Saved data entries:
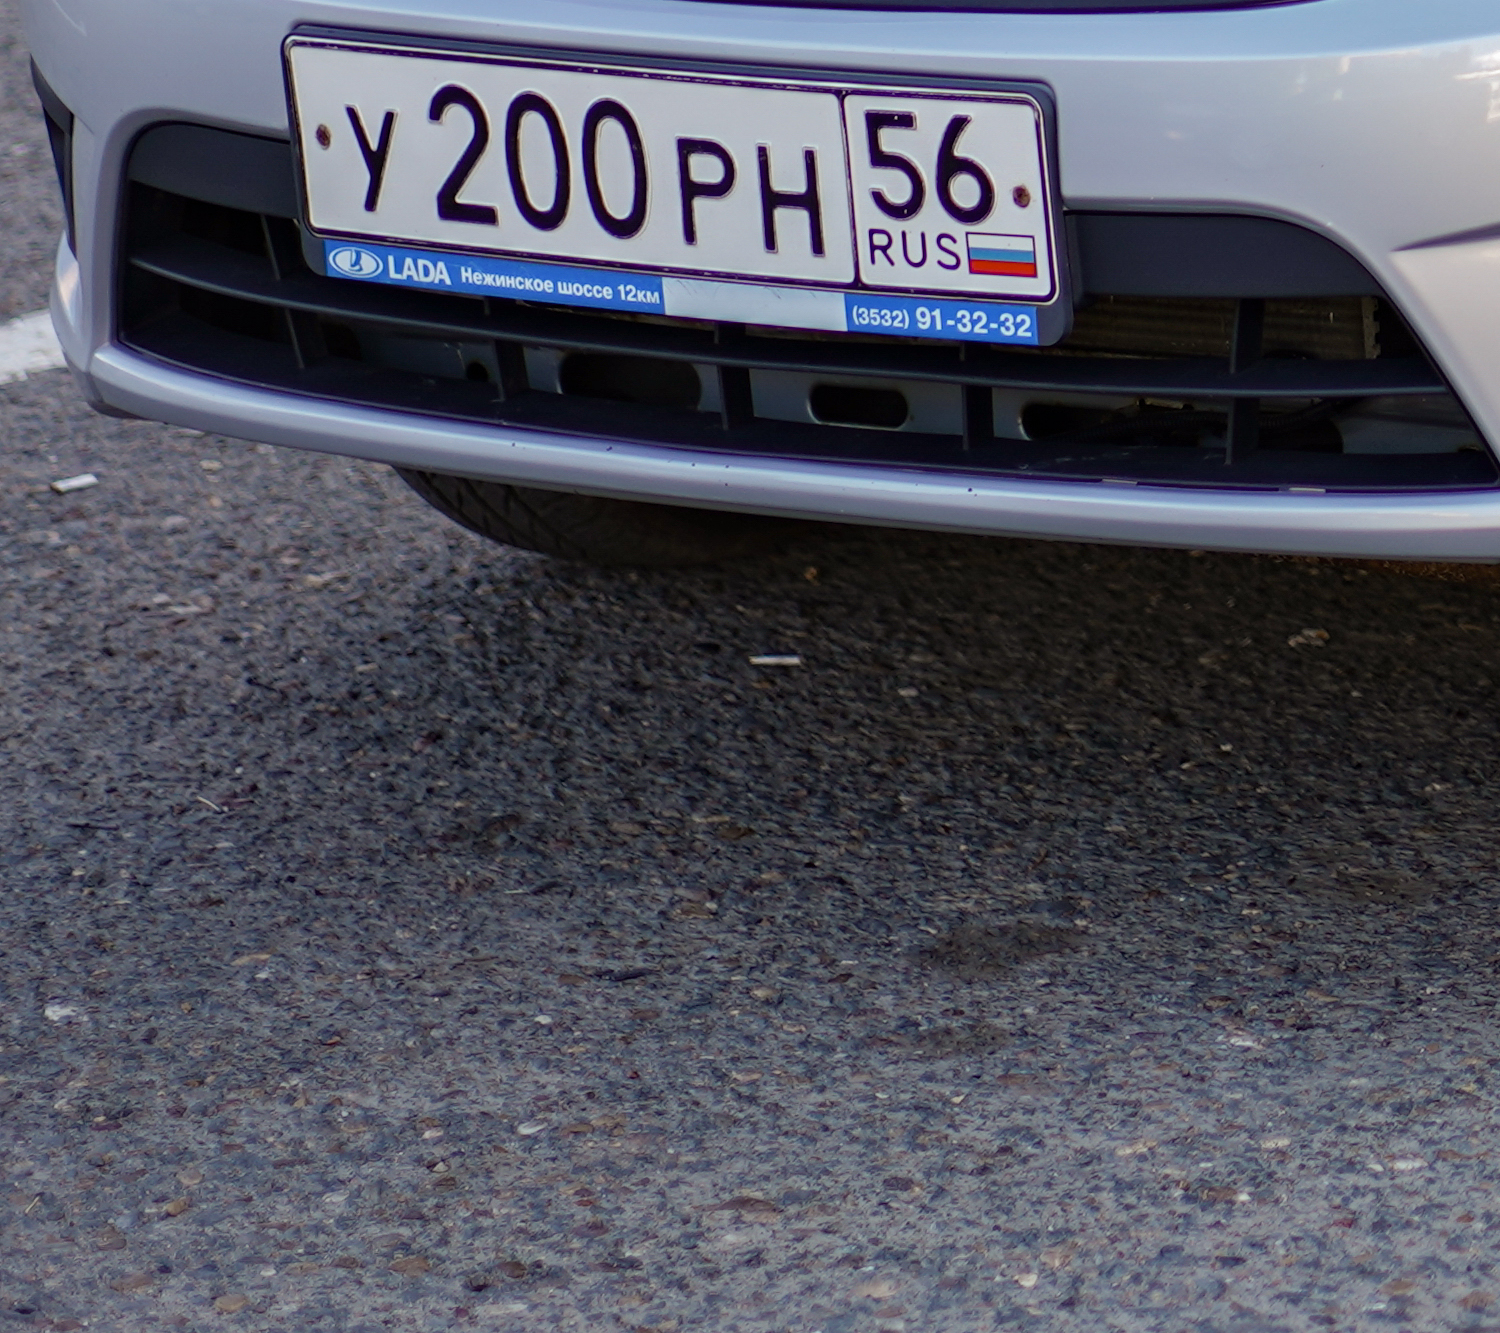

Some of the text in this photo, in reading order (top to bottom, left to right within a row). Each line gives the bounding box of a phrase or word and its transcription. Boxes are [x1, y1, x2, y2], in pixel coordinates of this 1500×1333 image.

[864, 111, 997, 226] 56
[868, 227, 962, 272] RUS
[387, 255, 661, 306] LADA Нежинское шоссе 12км
[851, 304, 1033, 339] (3532) 91-32-32

DIRECTIONS: From the first line to the last, copy the records above exactly and leave out the pictures.

OUTPUT:
Some of the text in this photo, in reading order (top to bottom, left to right within a row). Each line gives the bounding box of a phrase or word and its transcription. Boxes are [x1, y1, x2, y2], in pixel coordinates of this 1500×1333 image.

[864, 111, 997, 226] 56
[868, 227, 962, 272] RUS
[387, 255, 661, 306] LADA Нежинское шоссе 12км
[851, 304, 1033, 339] (3532) 91-32-32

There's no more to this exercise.